Le cadre de travail est assaini, et il doit y être donc agréable d’exercer sa profession, serions-nous tentés de conclure… Mais ce serait un jugement hâtif. En effet, d’abord, au chiffre de 700 titres diffusés il faudra ajouter que le nombre approximatif total d’exemplaires vendus par jour –toutes périodicités et langues confondues- est de quelque 300 000 ; que le taux de pénétration de la presse est de 13 exemplaires pour 1000 personnes contre une moyenne mondiale de 95, et contre 40…pour le voisin algérien. Ensuite, avec ce nombre si réduit d’exemplaires par rapport au nombre de titres, c’est un lectorat totalement morcelé et « atomisé », ajouté au fait que « A l’image des partis politiques, les journaux se multiplient au gré des dissidences partisanes, des intérêts commerciaux ou des ambitions personnelles ». Ce qui peut donner souvent lieu à des règlements de comptes, des diffamations ; donc des entorses aux principes déontologiques, ou encore à du sensationnalisme si ce n’est du voyeurisme. « Le tout, comme le note Mustapha Sehimi de Maroc Hebdo dans une frénésie brouillonne, confuse, malmenant quelque peu le socle des valeurs dont elle [la presse] se réclame ». Ces valeurs, ce sont par exemple les principes moraux que la profession elle-même s’est édictés. Et quand la justice intervient c’est parce que la profession s’est souvent faite prendre au mot !
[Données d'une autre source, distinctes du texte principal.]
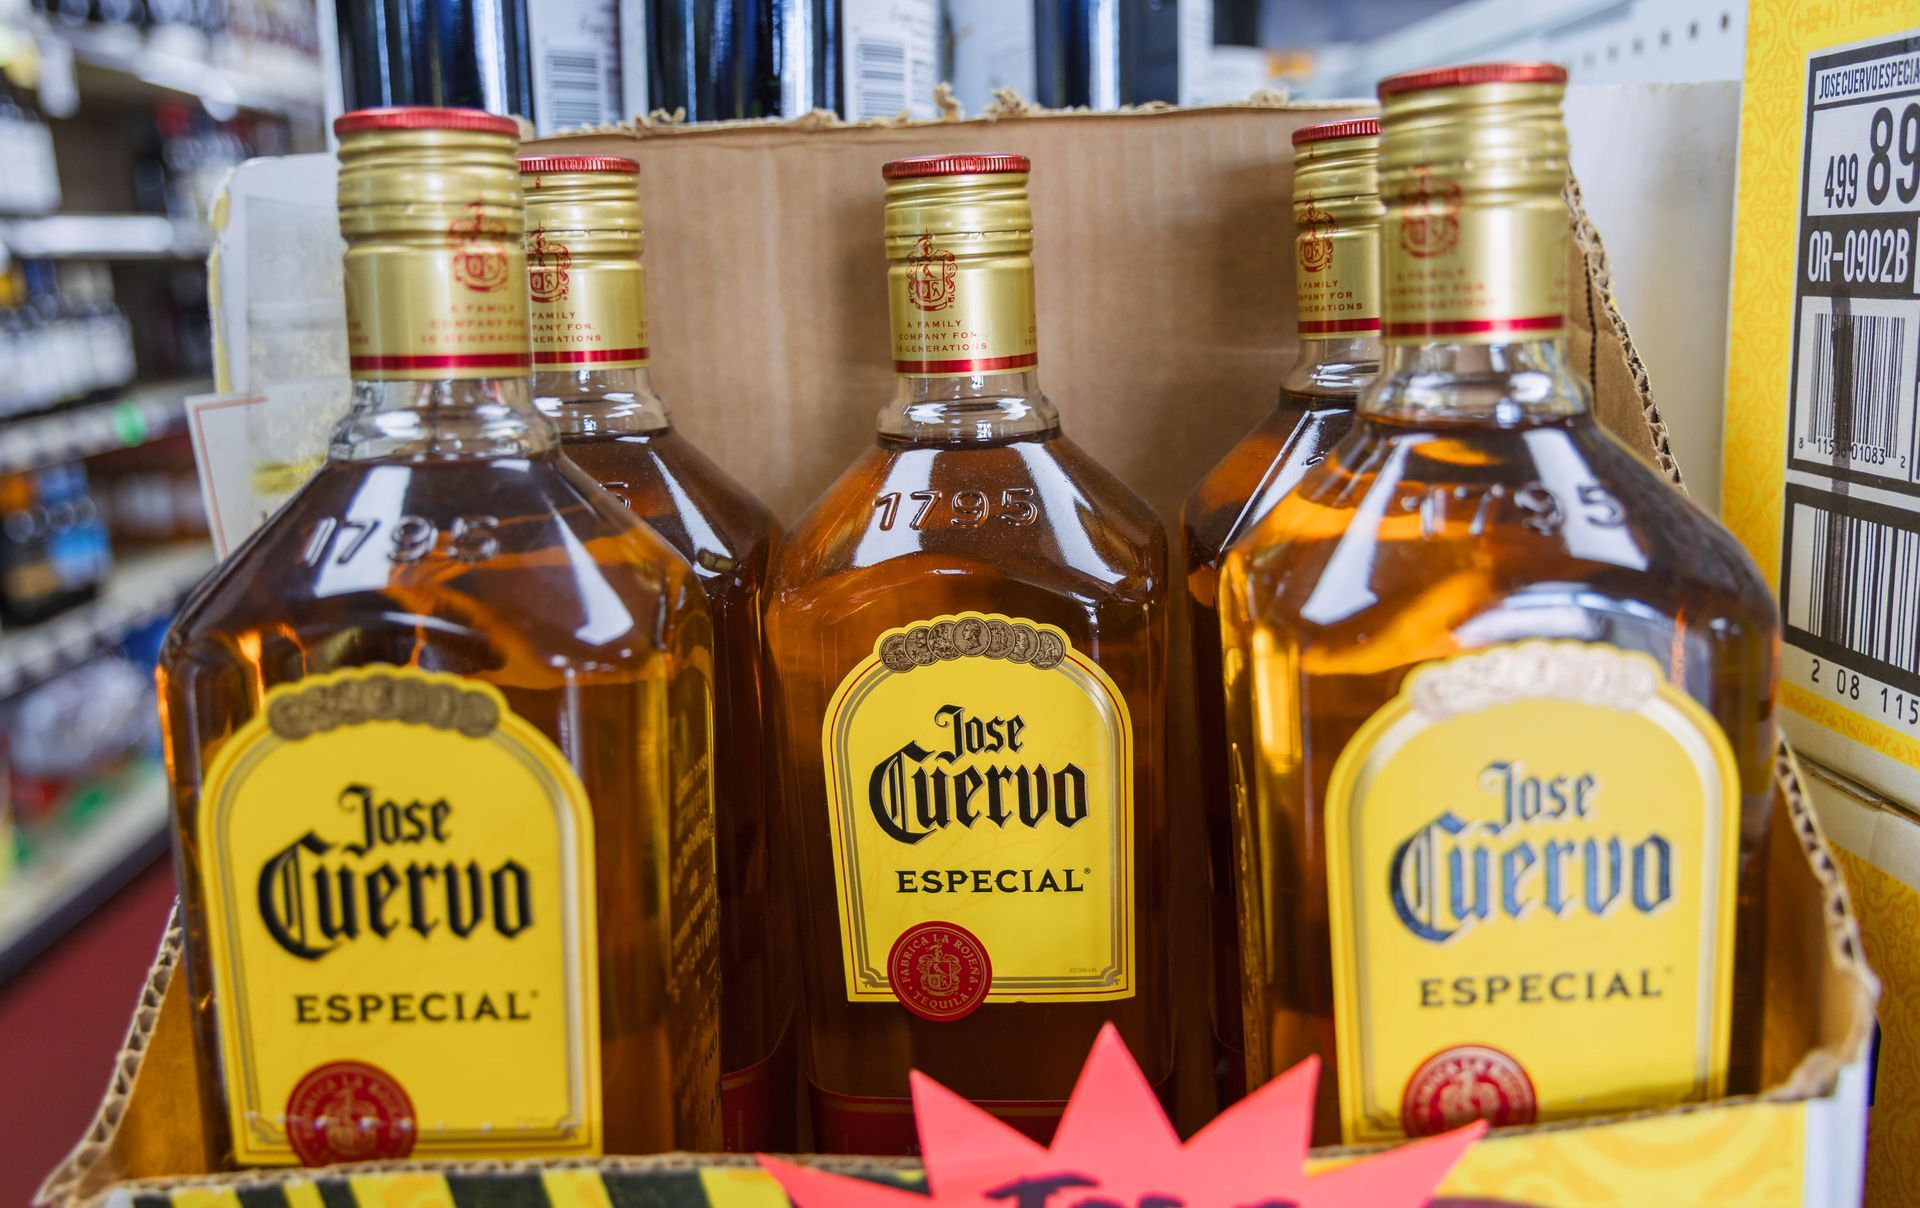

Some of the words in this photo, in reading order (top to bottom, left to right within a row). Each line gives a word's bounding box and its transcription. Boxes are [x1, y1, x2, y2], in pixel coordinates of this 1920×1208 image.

La justice en ce moment n’a fait que chercher la petite bête, comme on dit, dans les faits pour les soumettre au test de conformité avec ladite charte. Cela s’appelle creuser sa propre tombe. Ainsi, quand le journal Al Bidaoui fait une couverture (finalement non éditée) sur « Dieu a maudit ce putain de pays », même si il prétend que c’est le résultat d’un sondage de la rue, il lui sera difficile de vérifier la source ; car le « qui » des « 5w » est…Dieu ! Eh oui des dérapages il n’en manque pas. Même Khalid Jamai, journaliste et chroniqueur au Journal Hebdo, et connu pour ses coups de gueules, a reconnu lors d’une table ronde organisée par Tel Quel sur « Médias et Royauté : jusqu’où peut-on aller ? » qu’il a été « touché par le dossier d’Al Ayam sur les harems, qui donnait beaucoup de détails intimes sur les Alaouites en tant que famille ». Et d’ajouter « Personnellement, je n’accepterais pas qu’on parle de ma famille de cette manière ».
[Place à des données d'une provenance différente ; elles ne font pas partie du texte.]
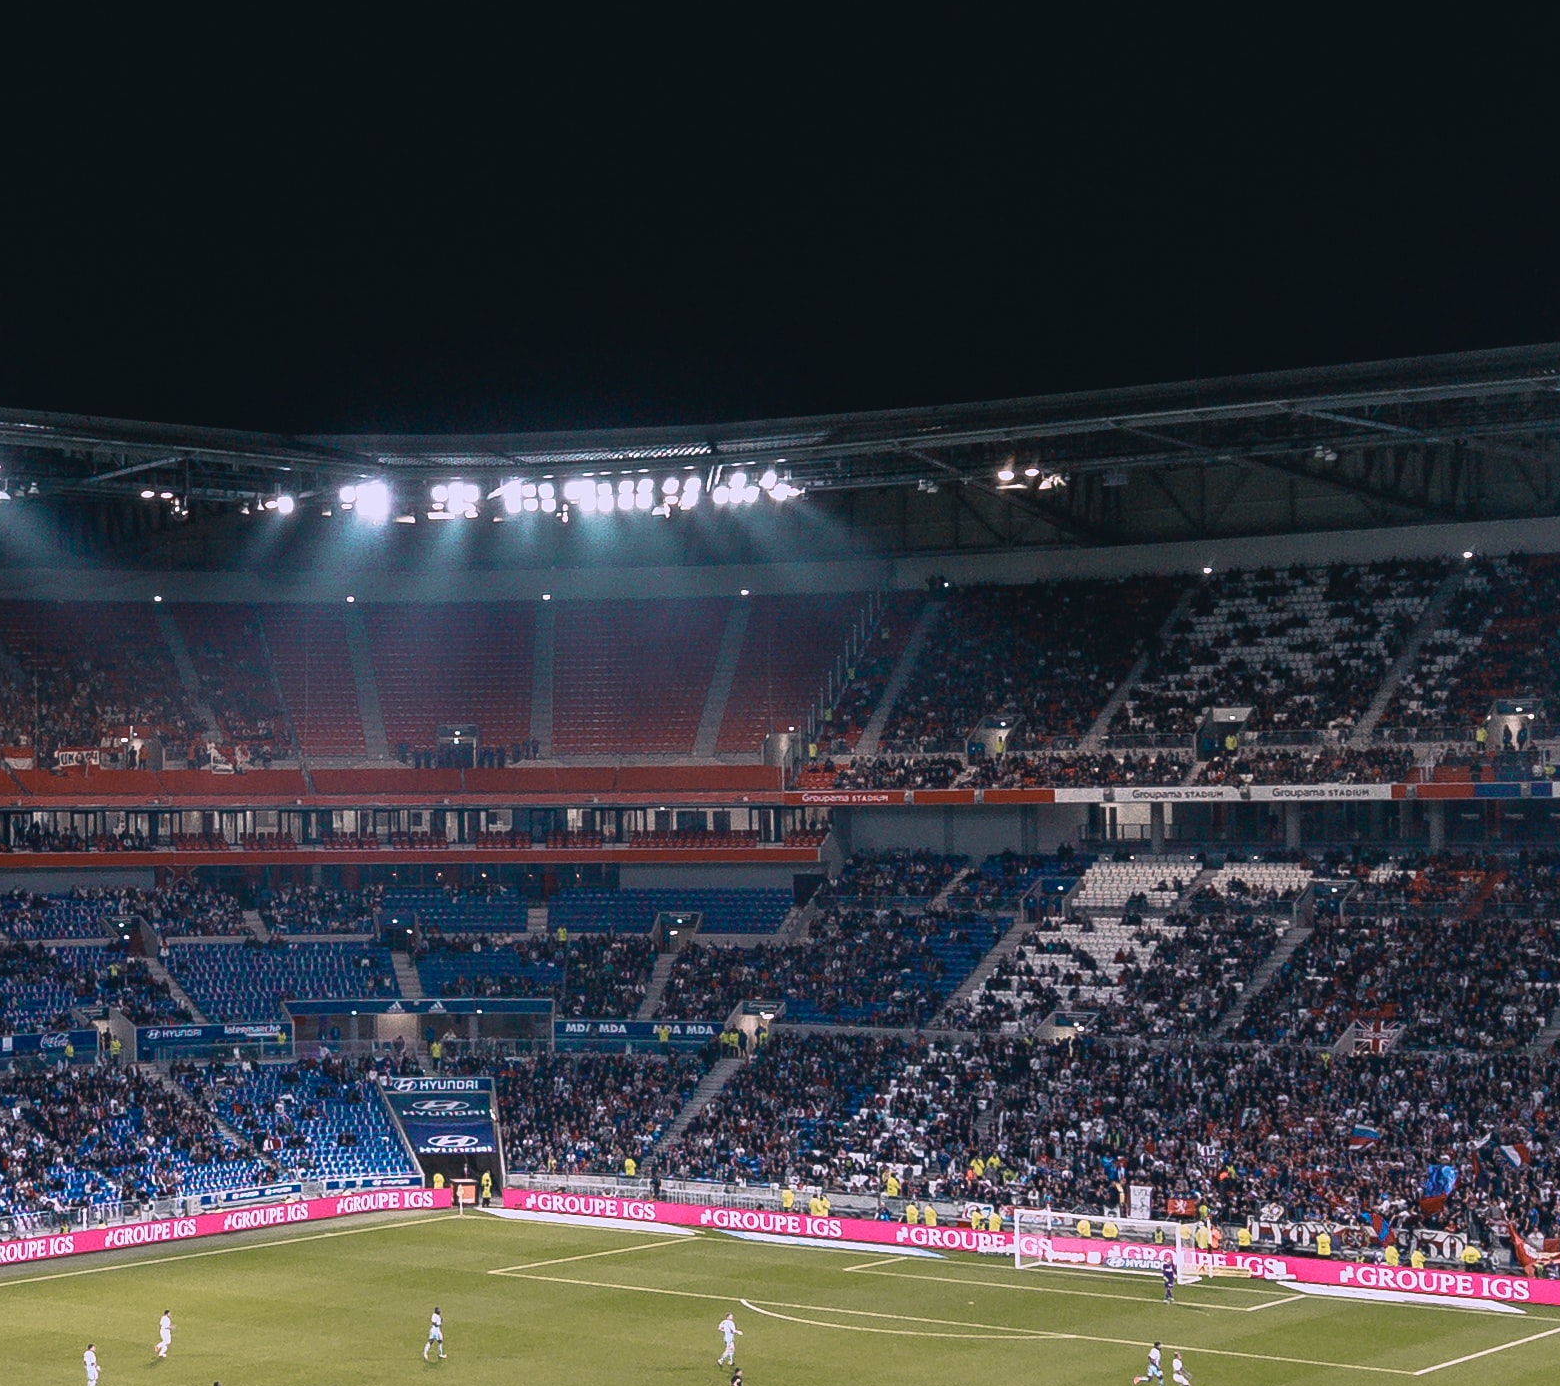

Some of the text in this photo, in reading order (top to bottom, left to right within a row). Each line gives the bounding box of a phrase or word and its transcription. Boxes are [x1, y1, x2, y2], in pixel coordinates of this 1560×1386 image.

Autre problème qui a fait réagir pas mal de gens, politiques comme journalistes, est l’affaire du sondage d’Al Jarida Al Oukhra qui plaçait Driss Benzekri devant le Roi. A ce sujet, le journaliste Naim Kamal a tenu à faire une mise au point : « La personne du Roi est celle de tous les Marocains et ne doit de ce fait faire l’objet d’un tel choix.» Sans compter les nombreux cas devant la justice pour différents motifs invoqués, entre autres celui de la diffamation. Tout cela prouve que la presse vit dans un certain cafouillage, qu’elle se cherche encore. Pour en sortir, il faudra un débat sérieux entre professionnels, à visage découvert sans se caresser dans le sens du poil, et sans rancune. Ce sera salutaire pour notre presse nationale.